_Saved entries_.

>>>>

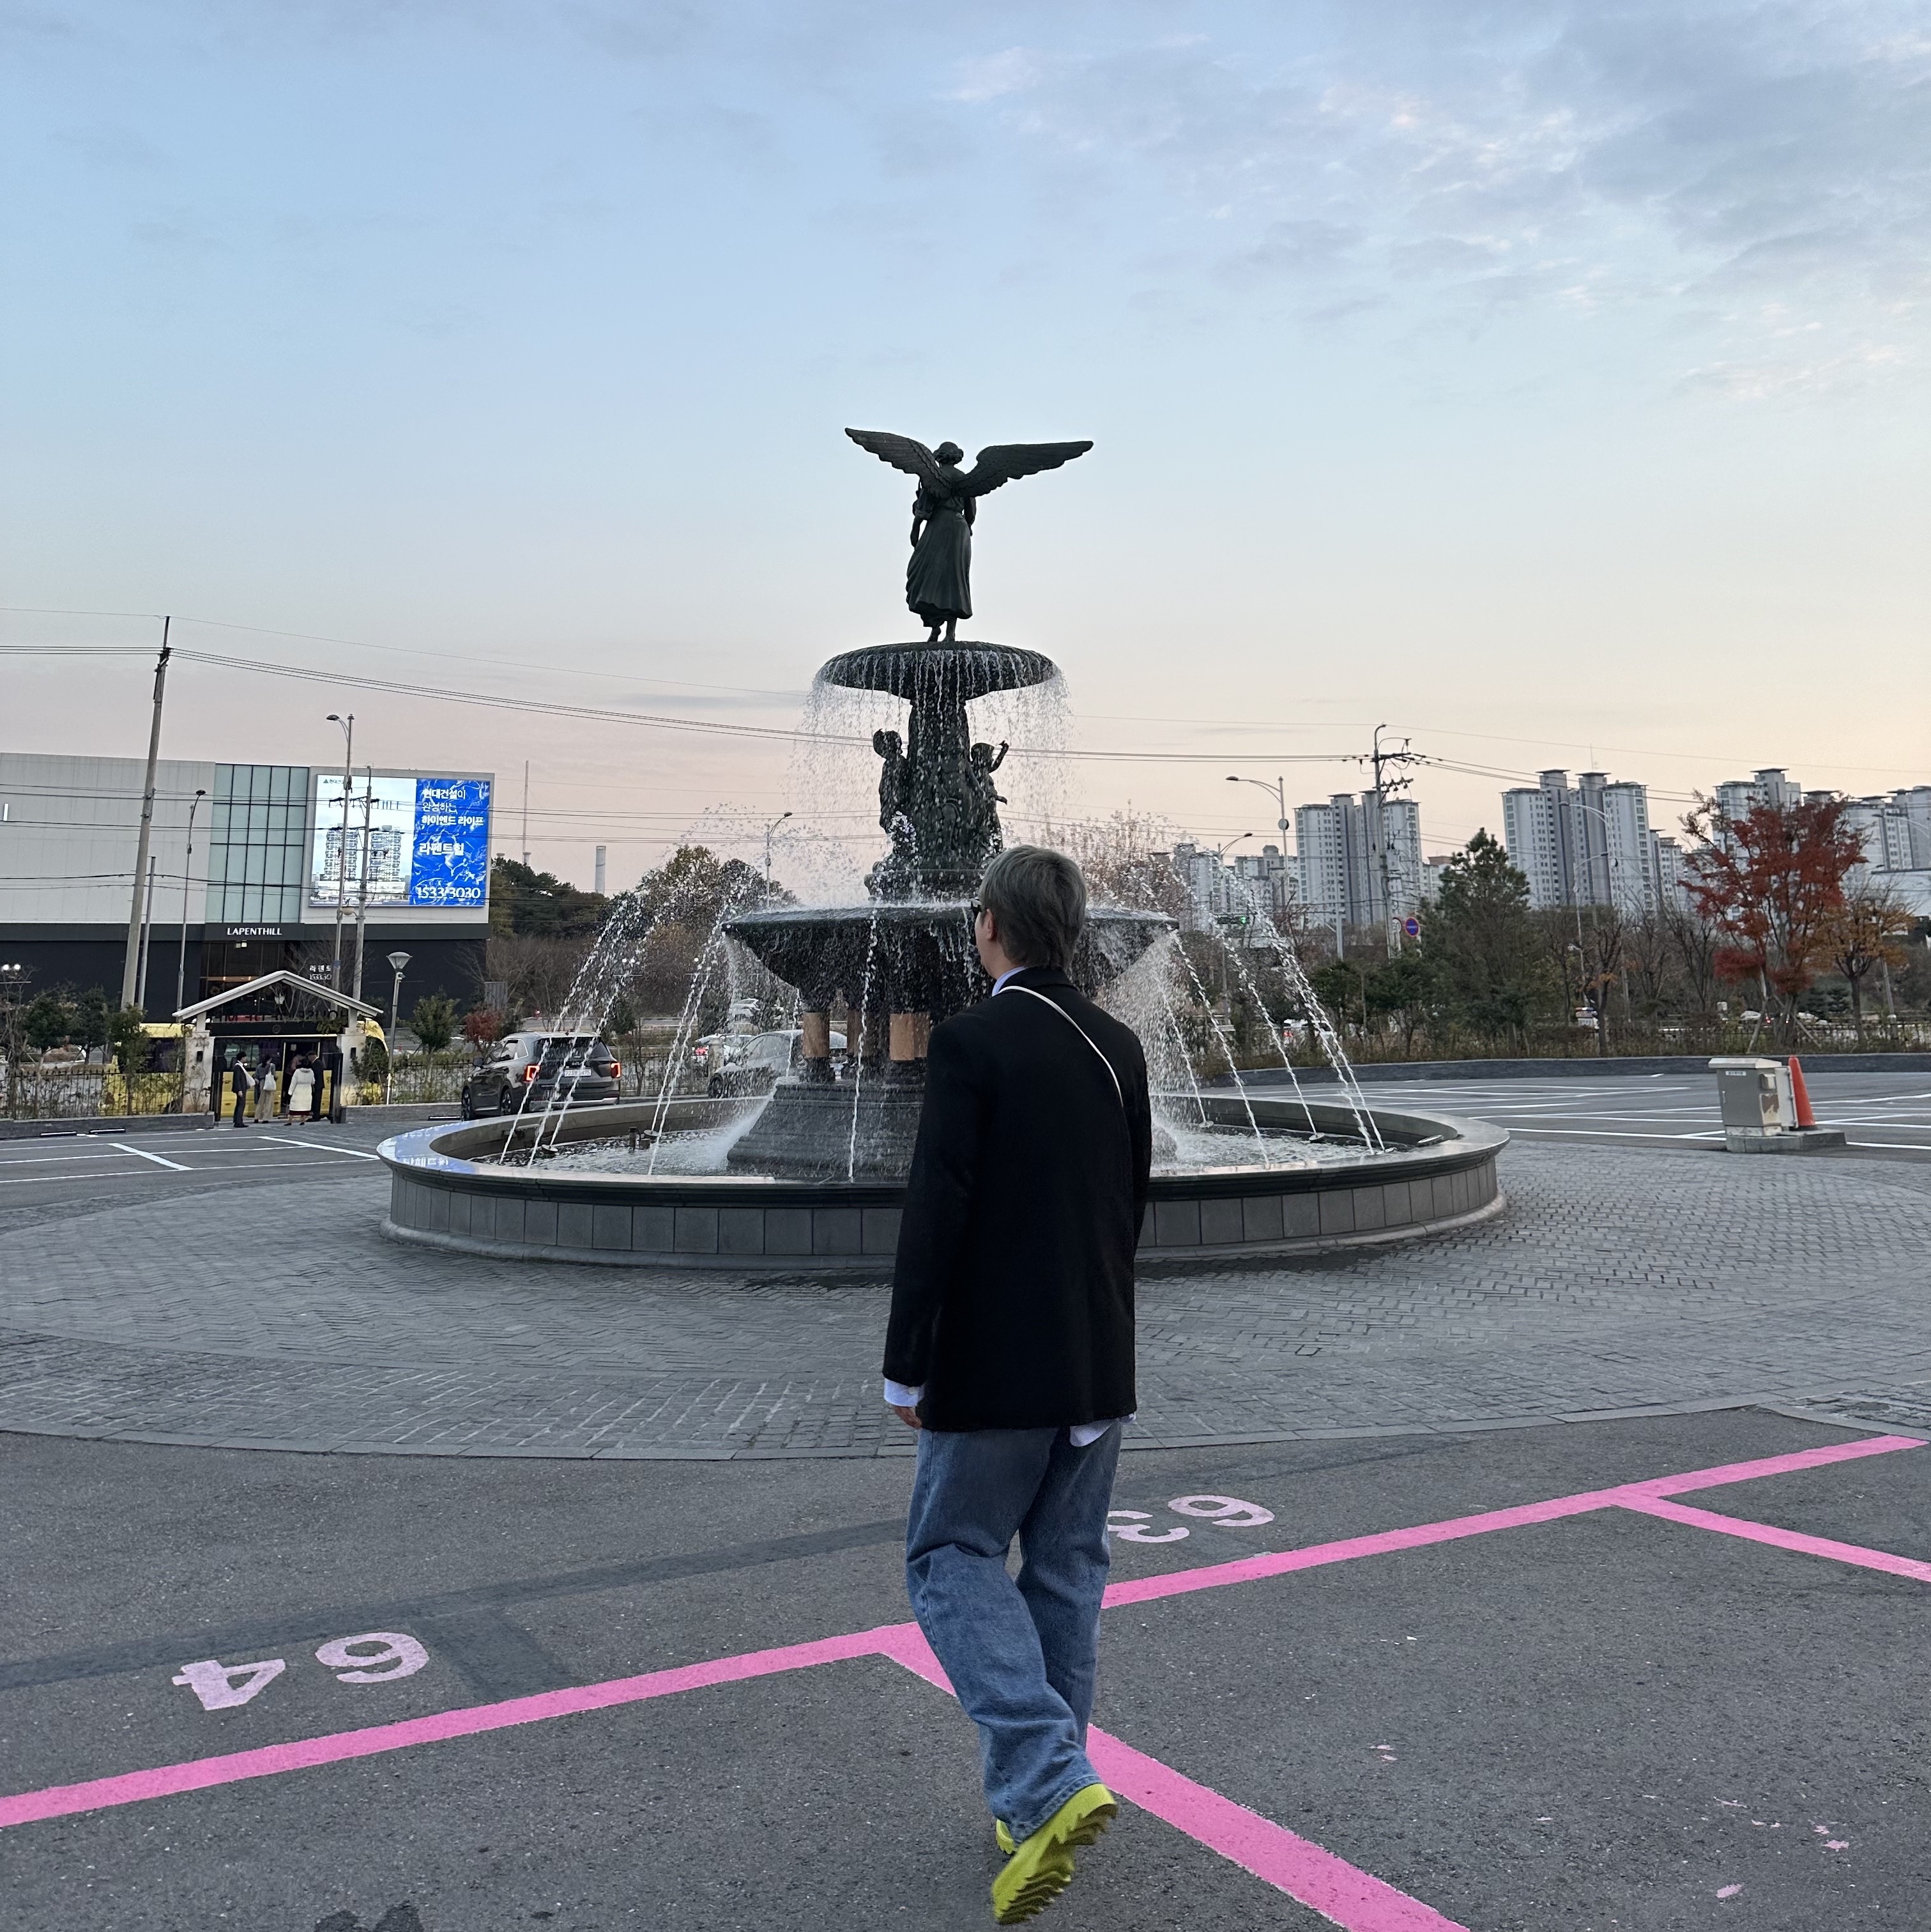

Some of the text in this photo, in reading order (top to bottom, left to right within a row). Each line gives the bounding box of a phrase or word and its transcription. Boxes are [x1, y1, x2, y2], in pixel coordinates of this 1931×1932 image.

[423, 788, 466, 800] 현대건설이
[422, 802, 457, 813] 완성하는
[422, 815, 484, 826] 하이엔드 라이프
[419, 843, 464, 856] 라펜트힐
[227, 927, 282, 935] LAPENTHILL
[172, 1632, 430, 1711] 64
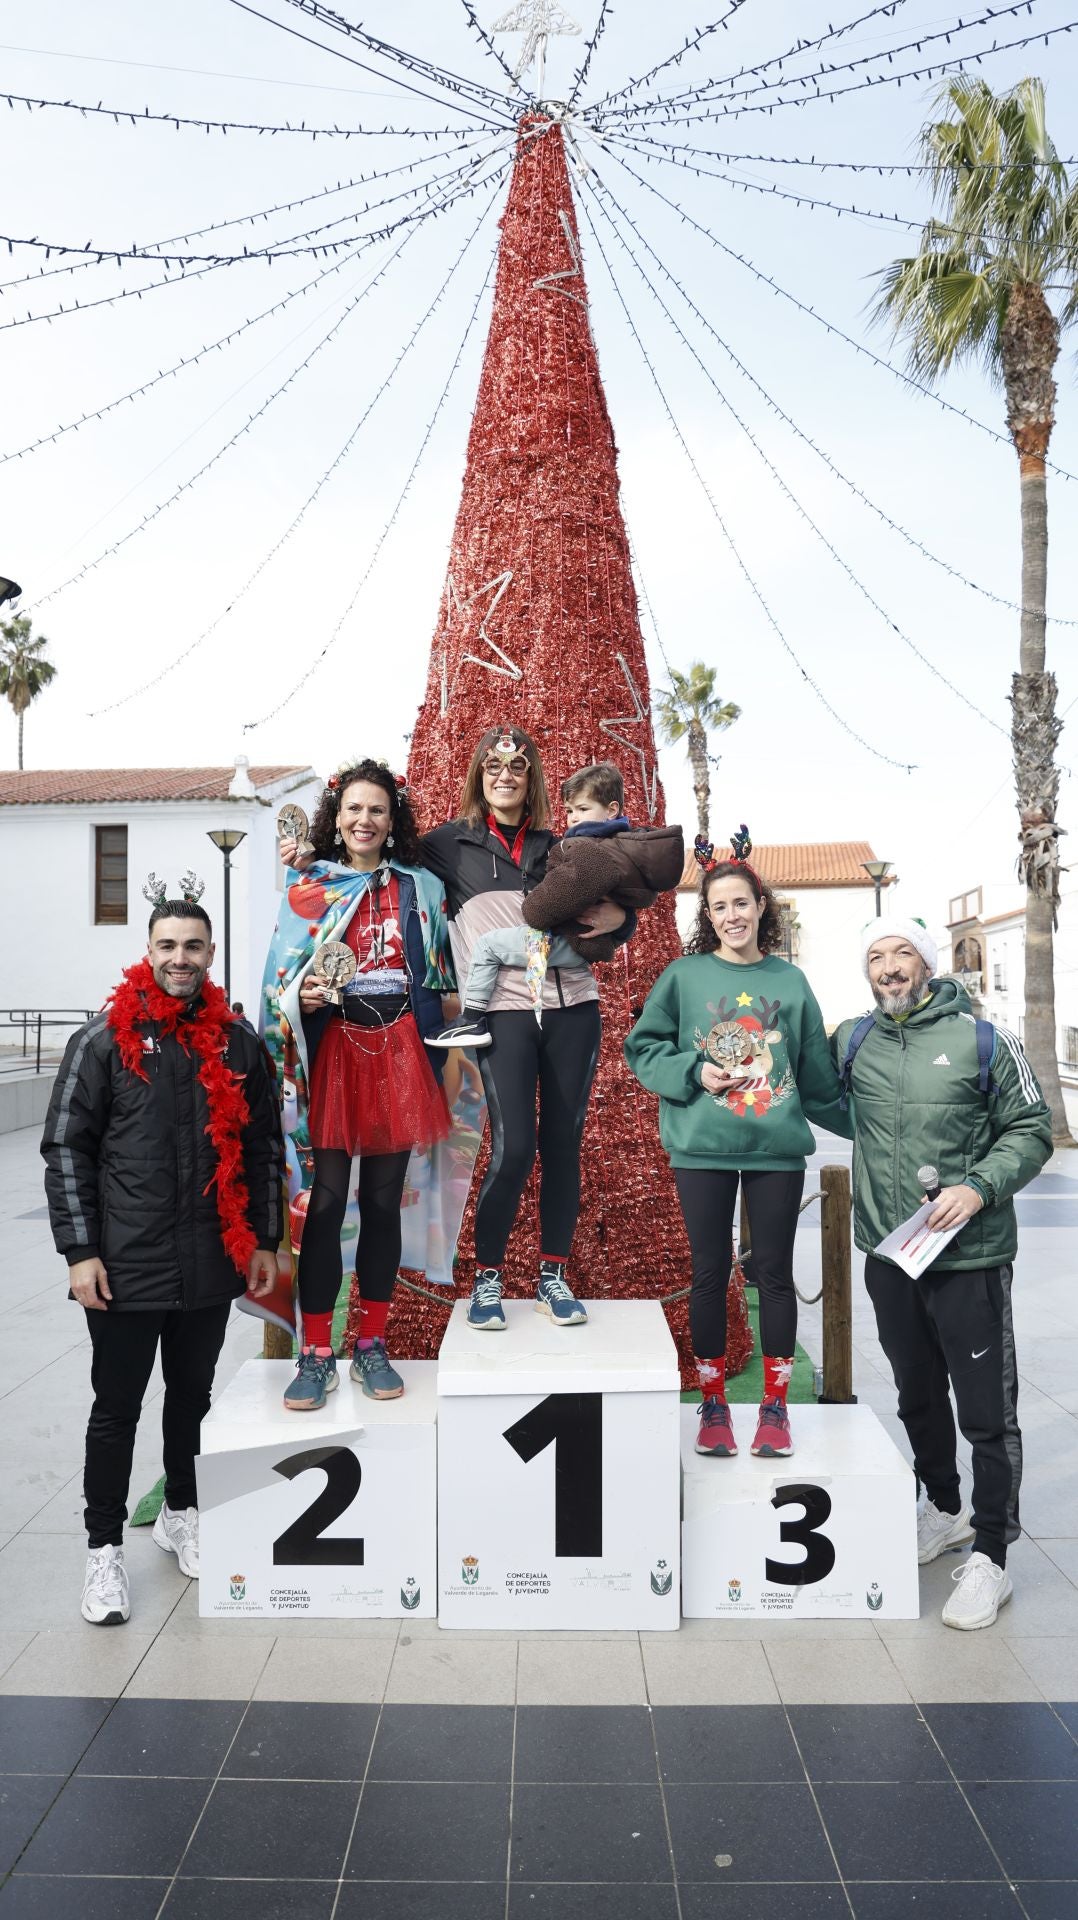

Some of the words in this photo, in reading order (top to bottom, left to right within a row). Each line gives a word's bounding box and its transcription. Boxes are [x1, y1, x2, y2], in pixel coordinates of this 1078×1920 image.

[272, 1446, 365, 1566] 2
[502, 1393, 603, 1558] 1
[506, 1572, 548, 1580] CONCEJALÍA
[765, 1484, 836, 1586] 3
[515, 1588, 549, 1596] JUVENTUD

<<<<

_Problem details_. When copying the data above, repeat every word exactly and drop the pictures.

_Solution for this task_.
Some of the text in this photo, in reading order (top to bottom, left to right within a row). Each line gives the bounding box of a phrase or word and its transcription. Boxes are [x1, y1, x2, y2], in pixel coordinates of this 1931×1932 image.

[423, 788, 466, 800] 현대건설이
[422, 802, 457, 813] 완성하는
[422, 815, 484, 826] 하이엔드 라이프
[419, 843, 464, 856] 라펜트힐
[227, 927, 282, 935] LAPENTHILL
[172, 1632, 430, 1711] 64

Some of the words in this photo, in reading order (top to bottom, left to right within a row). Each line gives a word's bounding box and its transcription. Boxes are [x1, y1, x2, y2], in pixel coordinates of this 1078×1920 image.

[272, 1446, 365, 1566] 2
[502, 1393, 603, 1558] 1
[506, 1572, 548, 1580] CONCEJALÍA
[765, 1484, 836, 1586] 3
[515, 1588, 549, 1596] JUVENTUD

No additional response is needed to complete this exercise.